Если только собственная духовная культура не побудит его поставить перед собой этот вопрос. Как только он захочет узнать, на чем зиждется нравственный закон, ему тотчас же станет угрожать серьезная опасность почесть за благо принципиальный отказ от своих нерефлектированно принятых моральных норм. Систему морали уже с давних пор и с трех разных сторон грозят подорвать философский имморализм, некоторые мировоззренческие системы научного характера и сентиментально–эстетические доктрины.
Философский имморализм по самой своей природе оказывает прямое влияние лишь на ограниченный круг людей. Тем сильнее его косвенное влияние. Ввиду известной податливости человеческого ума для многих вполне достаточно знать, что есть философы, отрицающие всякие основы морали, чтобы заключить, что из такой морали ничего путного не выйдет.
Радикальнее философского имморализма влияет комплекс идей об относительном характере морали, который содержится как в научной системе исторического материализма, так и в системе психологических понятий, заложенной Фрейдом.

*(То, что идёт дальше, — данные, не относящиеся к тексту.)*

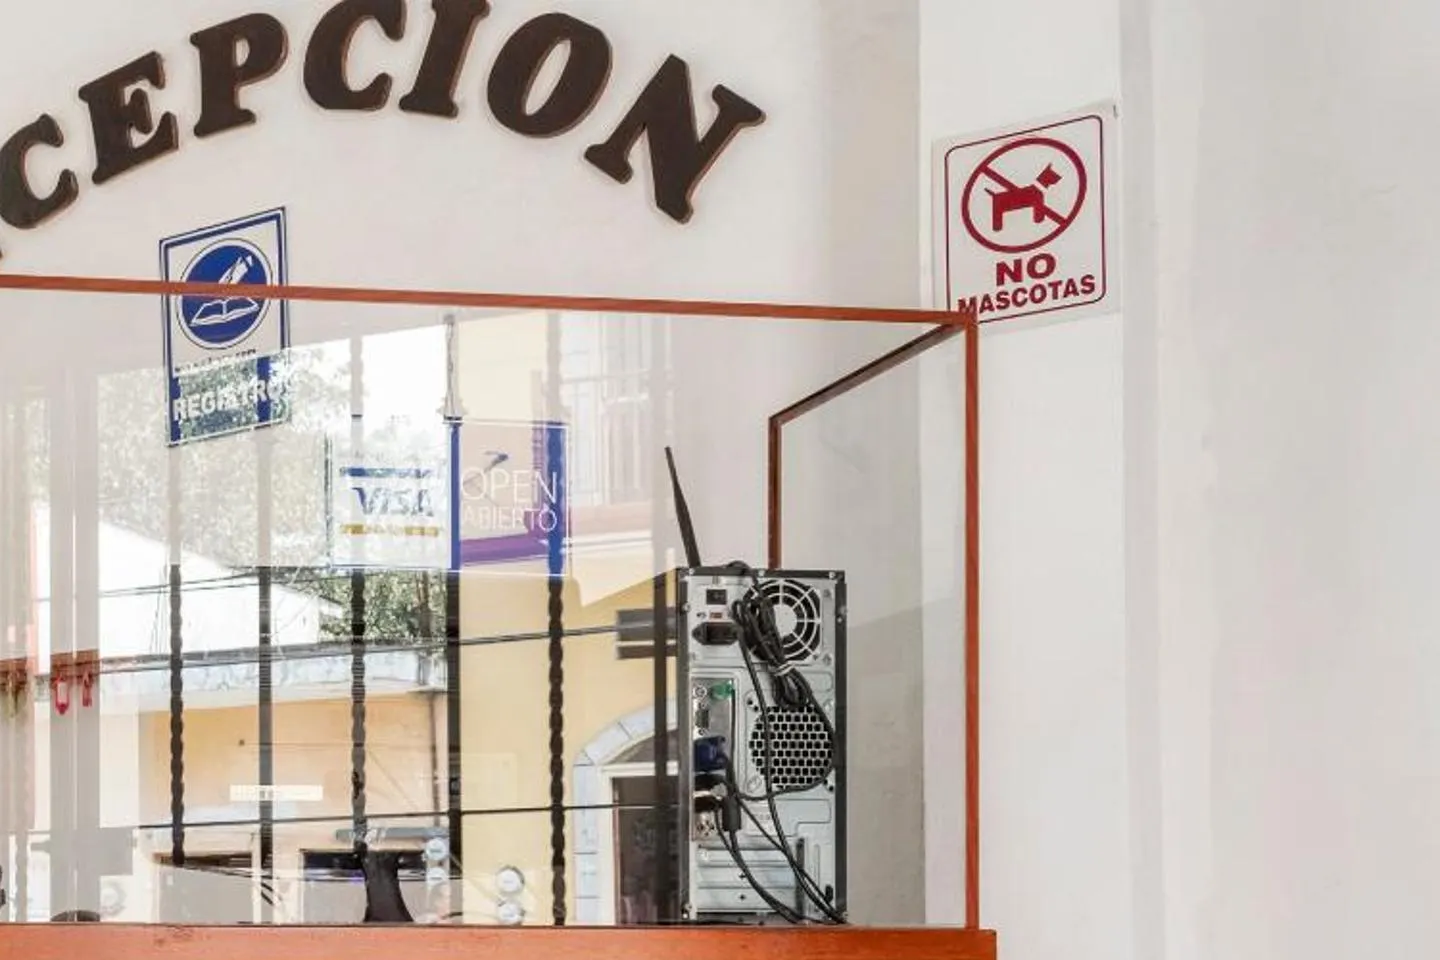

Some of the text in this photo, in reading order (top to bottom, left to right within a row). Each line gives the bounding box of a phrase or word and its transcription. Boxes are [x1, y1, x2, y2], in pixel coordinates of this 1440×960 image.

В учении марксизма вся сфера нравственных убеждений и обязанностей не может найти себе места иначе, как в духовной надстройке, возвышающейся над экономической структурой данной эпохи, вырастающей из нее и, поскольку она обусловлена этой структурой, обреченной вместе с нею изменяться и погибнуть. Таким образом, нравственный идеал всегда подчинен общественному идеалу и ценность его относительна в самом полном смысле этого слова. Даже высокие принципы, прокламируемые этим учением, а именно принципы товарищества и верности делу пролетариата, в конечном счете мотивируются интересом, классовым интересом. Настольная книжица о морали для юного советского гражданина преподносит ему добродетель верности классовым интересам на тех же страницах, что и правила приличия и гигиена ногтей. Нравственное суждение, как бы его поняли христианин, мусульманин, буддист, платоник, спинозист или кантианец, здесь полностью отсутствует. Кроме того, само собой разумеется, что подобное учение оказывает свое практическое воздействие на массу в огрубленном и полупонятом виде.
Столь привлекательный своим мифологическим маскарадом фрейдизм, который легко пробуждает иллюзию научного откровения, без сомнения, «втянул» в свое легкодоступное понятие сублимации в неслыханном объеме нравственное сознание тех поколений, что выросли с начала этого столетия. Хотя фрейдизм и оставляет открытыми двери для известной самостоятельности духа, но в целом он значительно враждебнее христианству, чем этическая теория марксизма. Во всяком случае, выдвигая на передний план инфантильные влечения в качестве базиса всей душевной и духовной жизни, он подчиняет добродетель греху, если выразиться христианскими терминами, выводит из плотского начала самые высокие истины. Ничто, однако, не мешает уже давно умершему для христианской философии поколению играть в свое удовольствие, как на гармонике, растяжимым понятием либидо.
Повторю еще раз: автор не берется здесь давать оценку заслугам психоанализа как рабочей гипотезы или терапевтического принципа. И все же в дополнение к тому, что выше фрейдизм был уже охарактеризован как прямой путь к снижению критического уровня в интеллектуальной сфере, можно с уверенностью заявить, что он существенно способствовал искоренению этики, питаемой совестью и четко сформулированным убеждением.